The satisfaction this brings David is addictive;
the power to control his own surroundings drives him to be heedless of
the laws against vandalising private property. David finds a moment of
clarity whilst sitting in jail for the damage he’s done. He is reborn as
The Rectifier, hooded and working under cover of darkness to disable car
alarms everywhere. David allows his marriage to break down and his wife
to kick him out of their flat rather than give up his crusade. It is
only after moving into an even more noisy area of Manhattan, that he
meets Ekaterina Filippovna, a spunky little college student who sets him
on the path to try and change the system from within, petitioning to
have the noise laws changed. When the mayor blocks their petition, The
Rectifier is rectified!
Yeah, even Tim Robbins’ considerable charms
couldn’t save this mess.
Noise is meant to be a fable of personal
empowerment for Everyman.

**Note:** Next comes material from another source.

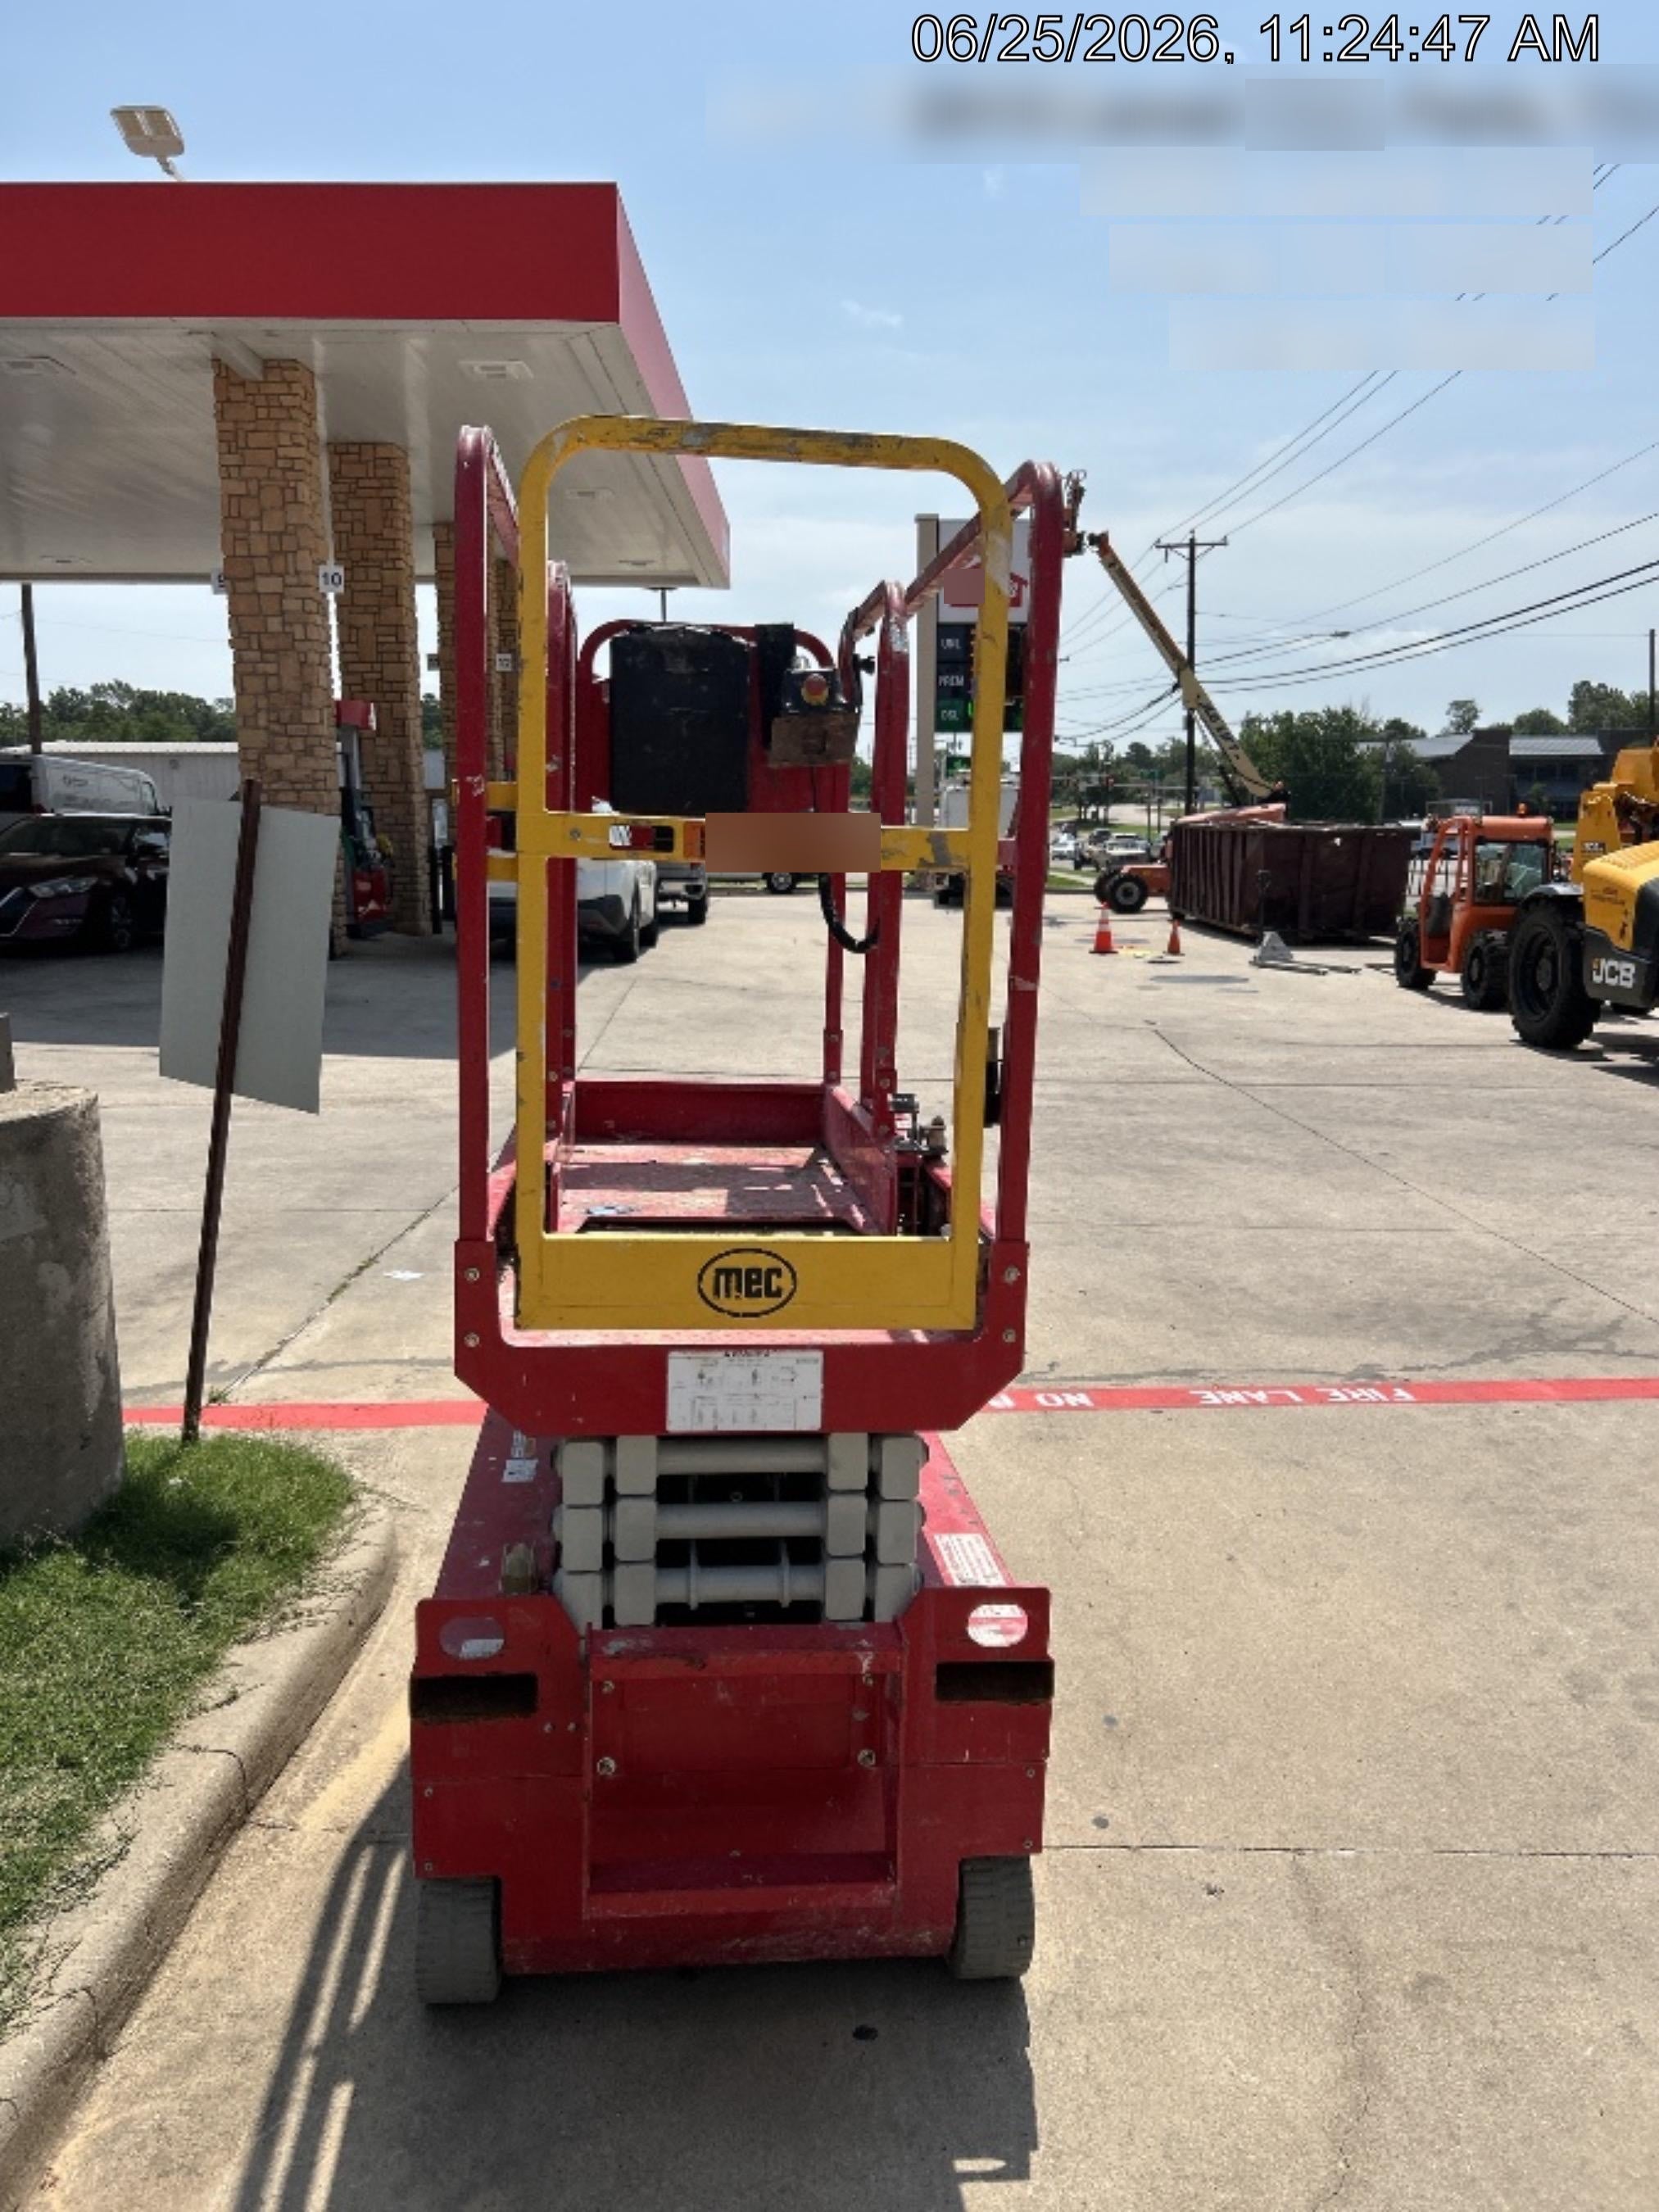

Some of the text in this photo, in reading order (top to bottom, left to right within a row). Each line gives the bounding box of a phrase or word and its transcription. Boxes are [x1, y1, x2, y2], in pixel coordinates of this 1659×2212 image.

[323, 573, 342, 586] 10
[1592, 957, 1635, 989] JCB
[1034, 1393, 1095, 1407] NO
[1189, 1387, 1416, 1404] FIRE LANE

Unfortunately for the film, due to some wildly
uneven direction and one-dimensional characters for whom you never feel
any sympathy, it simply comes off as a shallow Yuppie fairy tale.
Maybe it’s
the location. Maybe if the film had taken place other than “The City
That Never Sleeps,” David’s irritation would have made more sense. When
someone moves to Manhattan, the sound levels should come as no surprise.

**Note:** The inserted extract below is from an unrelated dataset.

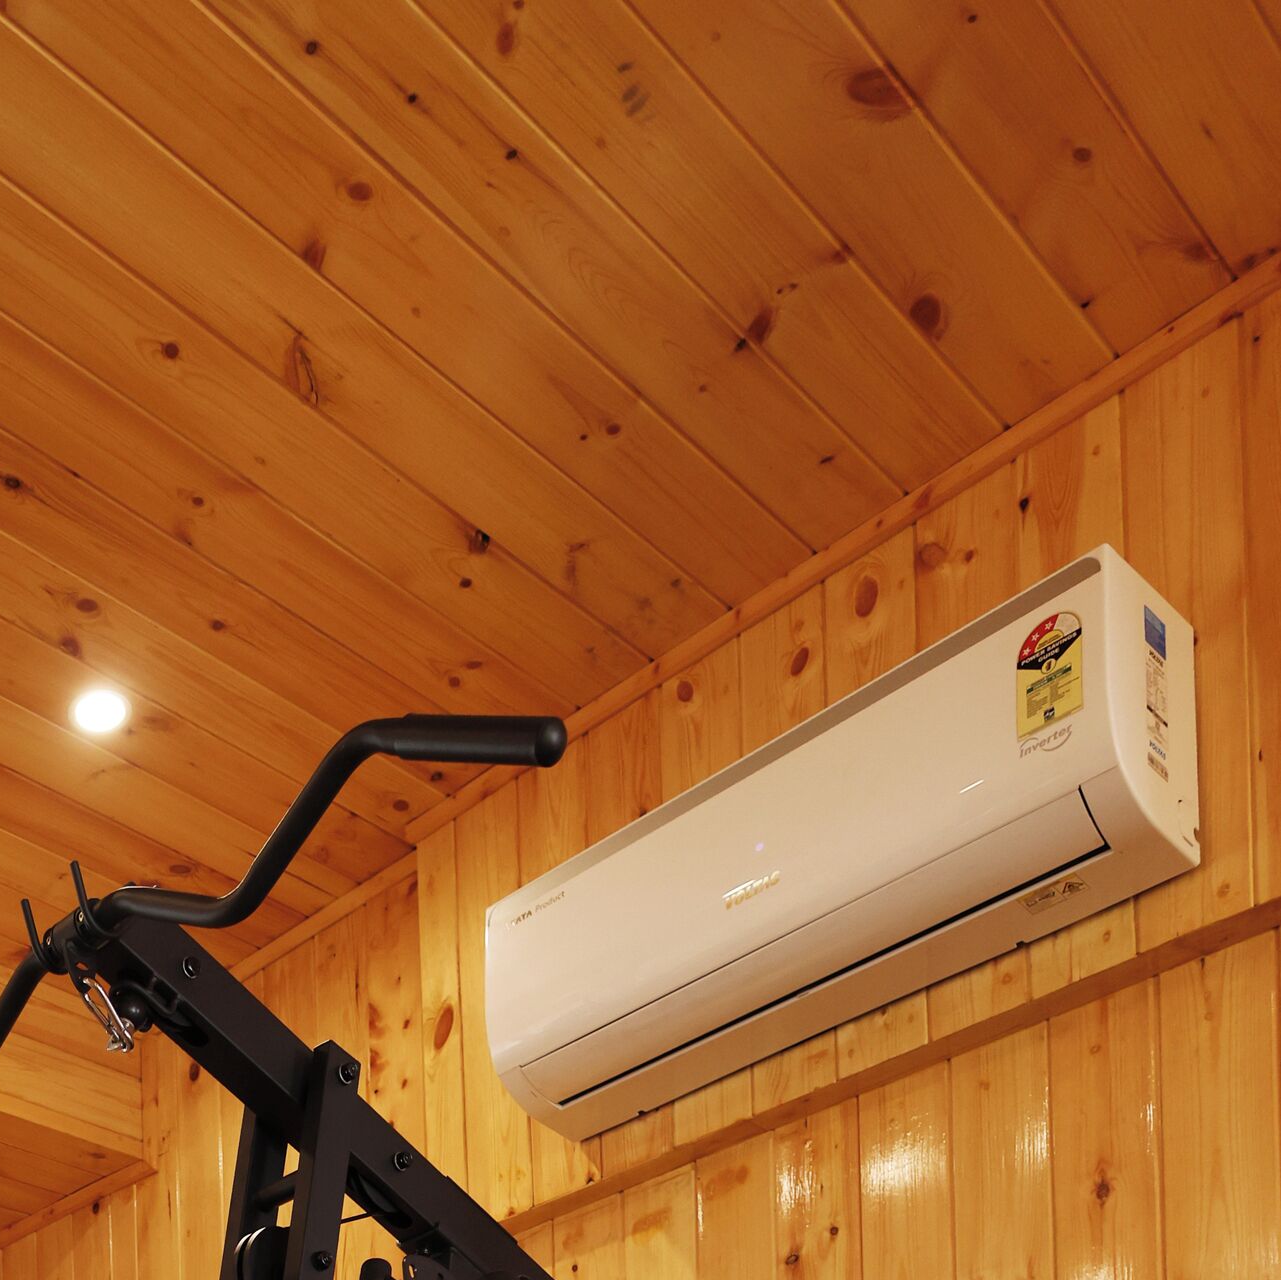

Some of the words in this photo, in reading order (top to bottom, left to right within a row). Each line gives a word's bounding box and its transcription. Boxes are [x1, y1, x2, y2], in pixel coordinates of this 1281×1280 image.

[1021, 650, 1046, 667] POWER
[1047, 632, 1078, 652] SAVINGS
[1038, 647, 1060, 663] GUIDE
[1020, 724, 1074, 759] Inverter

It’s as much a part of the island as Times Square, Duane Reade
pharmacies on every corner, the F train running late or overpriced soft
pretzels in Midtown. And while everyone can relate to being annoyed by
an errant car alarm, I don’t know that anyone who has a car in the city
would like to not have a working alarm. The premise that they do not
work to dissuade theft does not wash. Also, David’s constant distraction
by the noises he hears can’t help but beg the question: If it’s so
difficult for you to deal with, why not do as your wife suggests and
move back to quiet Winnetka? Or at least a more
sedate suburb? Not everyone is meant to live everyplace and if
destroying someone else’s property is the only way you can cope, then
there’s more wrong with you than the folks trying not to have their cars
stolen.
If the humour had had a lighter touch, Noise would
have been more successful in its aim of taking a funny look at something
that is indeed a problem, but it takes on a mantle of earnestness
abetted by an utter lack of self-awareness that makes it insufferable.

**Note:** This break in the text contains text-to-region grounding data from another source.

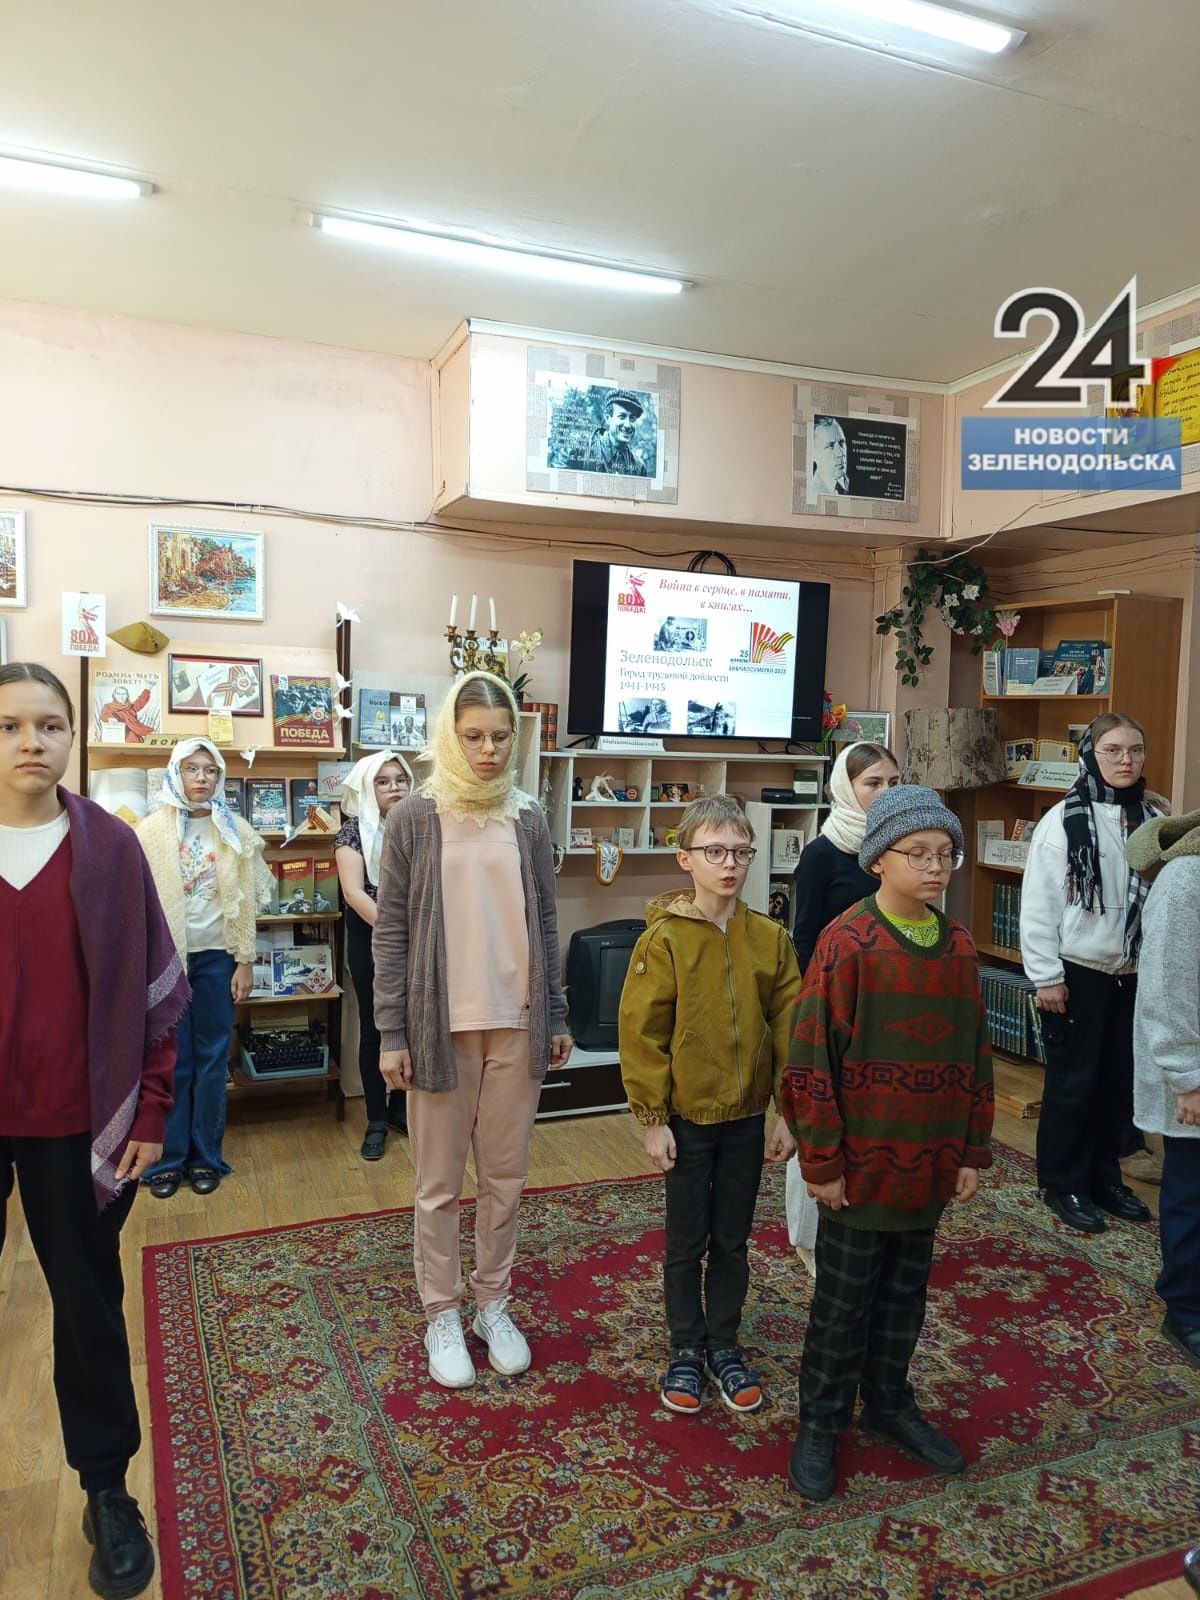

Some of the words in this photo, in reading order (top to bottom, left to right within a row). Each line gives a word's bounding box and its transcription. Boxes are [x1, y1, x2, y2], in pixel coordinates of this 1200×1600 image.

[659, 578, 692, 592] Война
[618, 593, 633, 605] 80
[700, 601, 705, 609] в
[70, 630, 86, 641] 80
[620, 650, 713, 668] Зеленодольск
[620, 668, 646, 678] Город
[648, 672, 687, 681] трудовой
[689, 672, 729, 682] доблести
[620, 682, 666, 692] 1941-1945
[280, 728, 329, 739] ПОБЕДА

Throw in an incredibly awkward and very fast bit of adultery first by
David wife as he’s locked up for 30 days (-
that’s all it took, folks),
then by David when he gets involved with Ekaterina, herself a victim of
The Rectifier. It had to take Tim Robbins for me to suspend my disbelief
that an NYC working woman would let any man get away with not paying for
a maliciously broken $600 storefront window. Then again, Ekaterina’s
whole presence in the film is just odd. She might be a journalist, or
might not, she knows a lot about politics and law, and quotes philosophy
and ancient Greek text to David as pillow talk, yet isn’t afraid to have
a very chatty threesome with a random girl who becomes involved in their
cause.
Director Henry Bean seems besotted with Margarita Levieva, the
actress playing Ekaterina, photographing her from every loving,
flattering angle. He gives her the reins for almost the second half of
the film, which goes nowhere because whatever Bean sees, Levieva is not
a particularly good actress and mostly because we just don’t care. It
seems like Bean had no idea what kind of tone he wanted his actors to
strike, for example the campy turn by William Hurt, who is sopping up
scenery with a biscuit as the buffoonish mayor. We don’t know why
exactly he’s opposed to the anti-noise referendum, but his acting is so
compellingly strange and the story so bad that you don’t think too much
about it. Hurt, sporting a red hedgehog glued to his head, a pronounced
lisp and colour combinations only the Joker would love is playing the
clown in his strange short scenes. William (still the best-looking)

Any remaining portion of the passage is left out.